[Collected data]
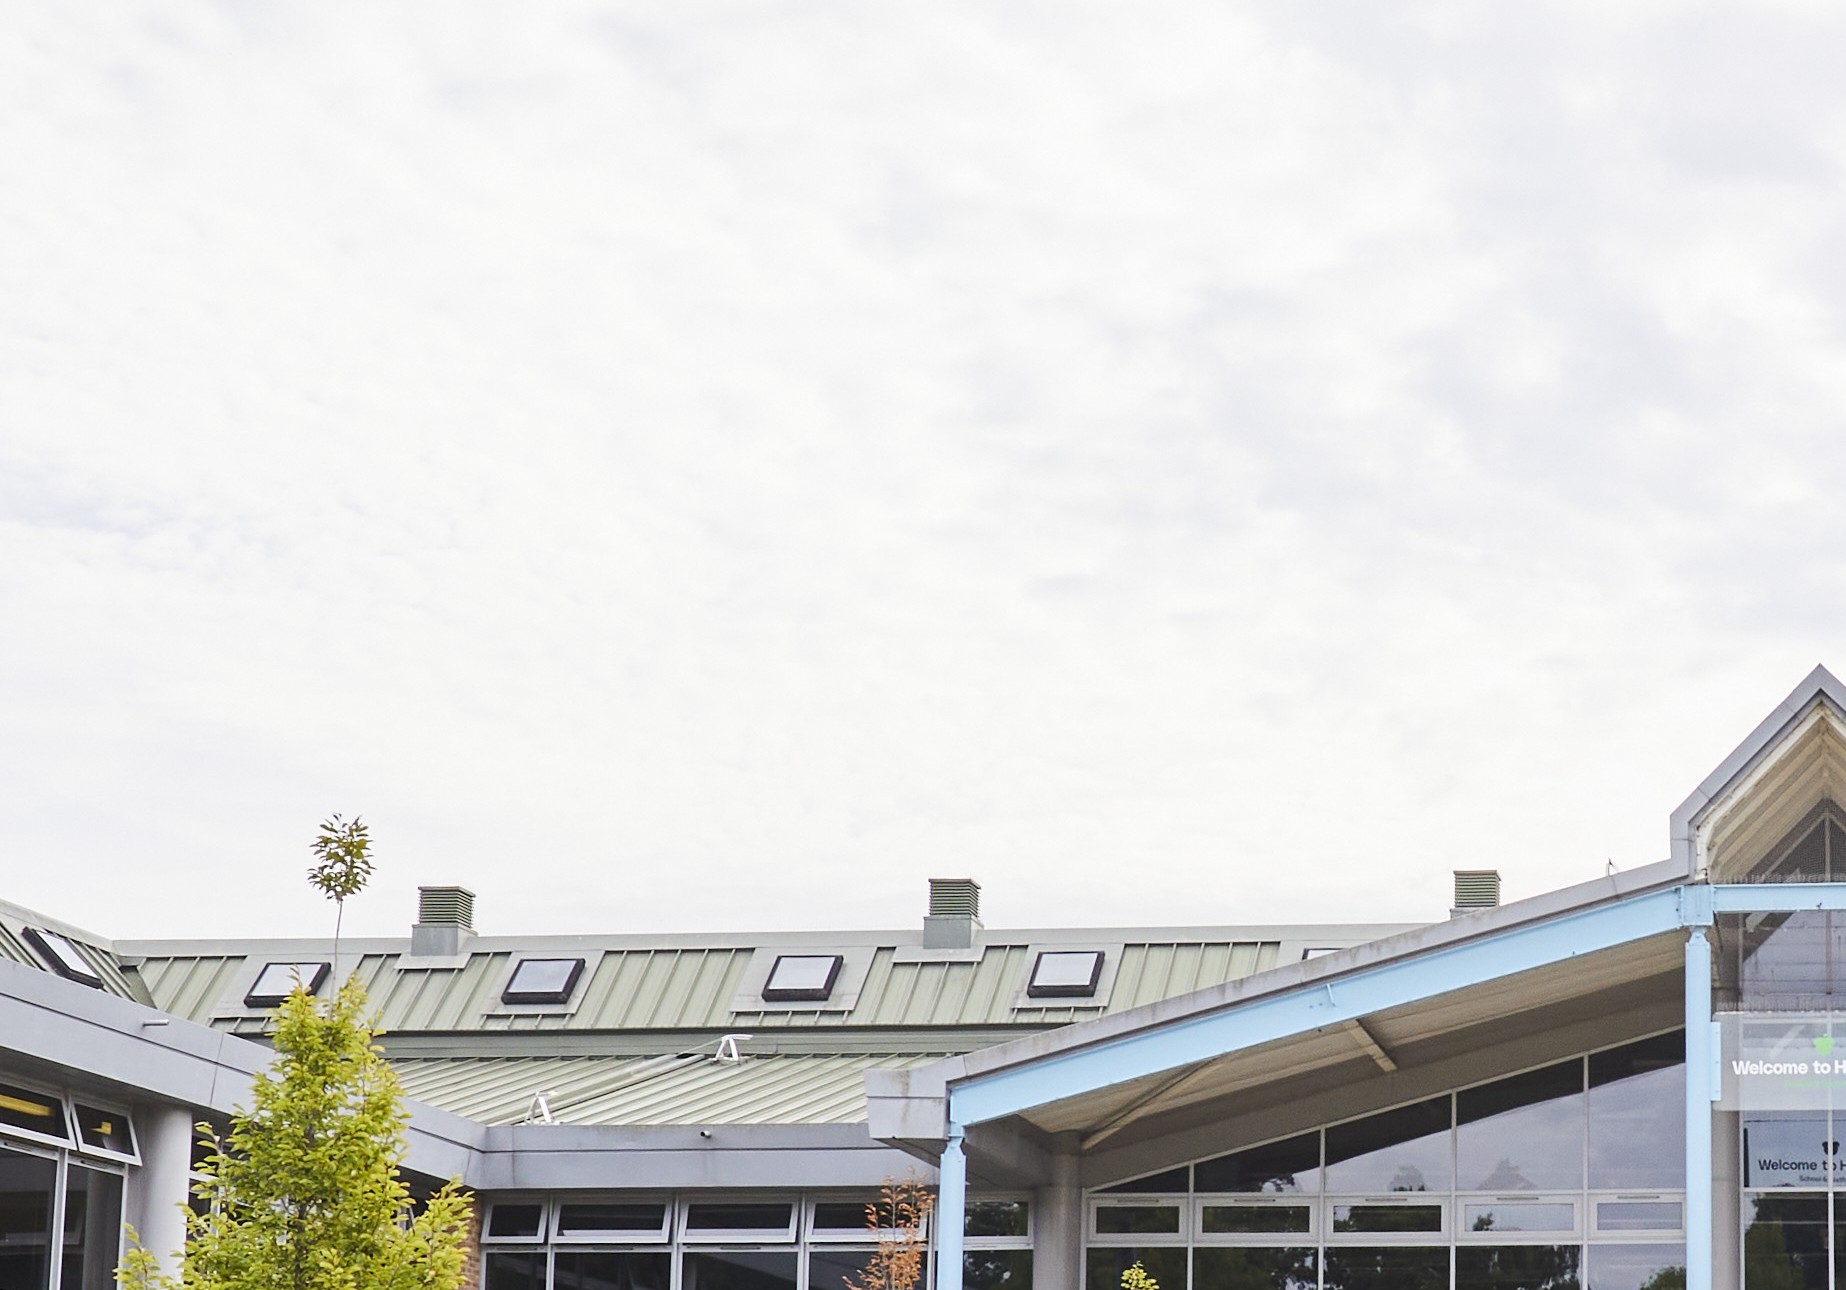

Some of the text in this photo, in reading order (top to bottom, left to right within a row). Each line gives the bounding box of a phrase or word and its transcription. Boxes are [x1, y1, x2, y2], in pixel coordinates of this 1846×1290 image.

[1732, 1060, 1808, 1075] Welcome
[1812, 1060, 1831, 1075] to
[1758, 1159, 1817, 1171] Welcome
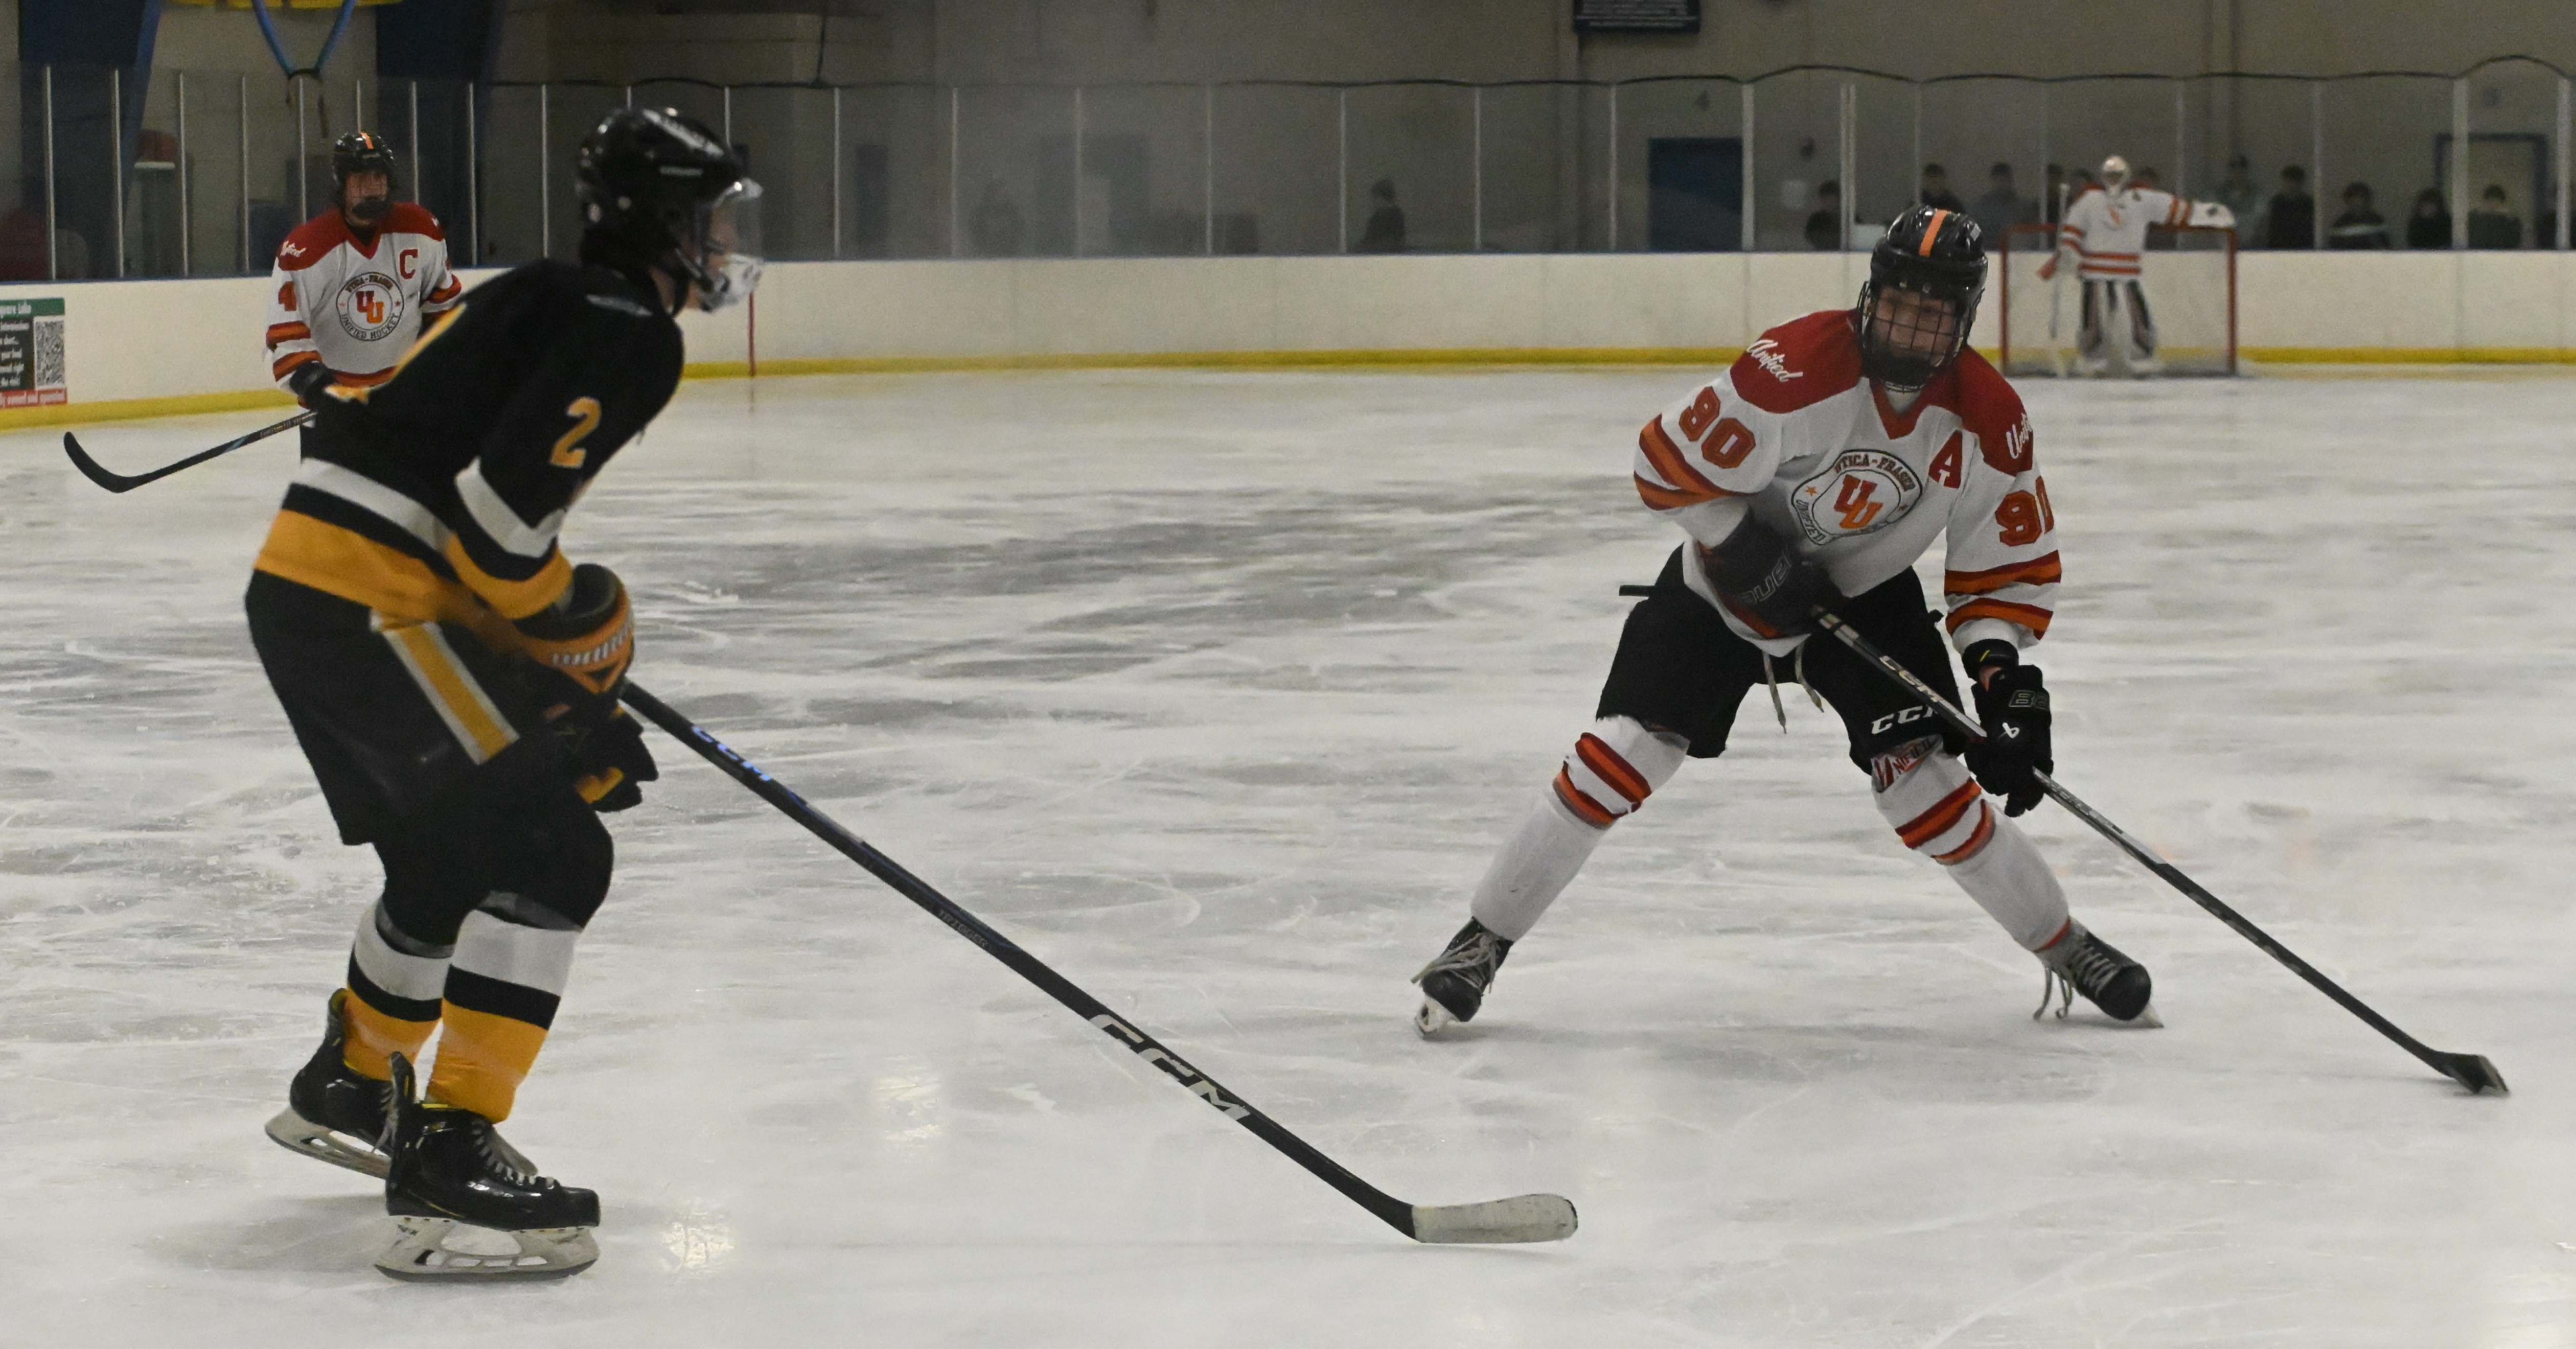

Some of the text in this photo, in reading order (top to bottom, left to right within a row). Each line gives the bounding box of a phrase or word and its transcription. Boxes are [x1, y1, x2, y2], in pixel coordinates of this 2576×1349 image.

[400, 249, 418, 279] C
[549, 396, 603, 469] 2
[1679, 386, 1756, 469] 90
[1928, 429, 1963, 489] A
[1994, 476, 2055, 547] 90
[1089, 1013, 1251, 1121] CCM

## TASK TO COMPLETE
Would you repeat the entries exactly, keeping the images out?

## ANSWER TO THE EXERCISE
Some of the text in this photo, in reading order (top to bottom, left to right within a row). Each line gives the bounding box of a phrase or word and its transcription. Boxes are [x1, y1, x2, y2], in pixel coordinates of this 1846×1290 image.

[1732, 1060, 1808, 1075] Welcome
[1812, 1060, 1831, 1075] to
[1758, 1159, 1817, 1171] Welcome

Some of the text in this photo, in reading order (top to bottom, left to right within a row). Each line gives the bounding box of a phrase or word and its transcription. Boxes are [x1, y1, x2, y2], in pixel coordinates of this 2576×1349 image.

[400, 249, 418, 279] C
[549, 396, 603, 469] 2
[1679, 386, 1756, 469] 90
[1928, 429, 1963, 489] A
[1994, 476, 2055, 547] 90
[1089, 1013, 1251, 1121] CCM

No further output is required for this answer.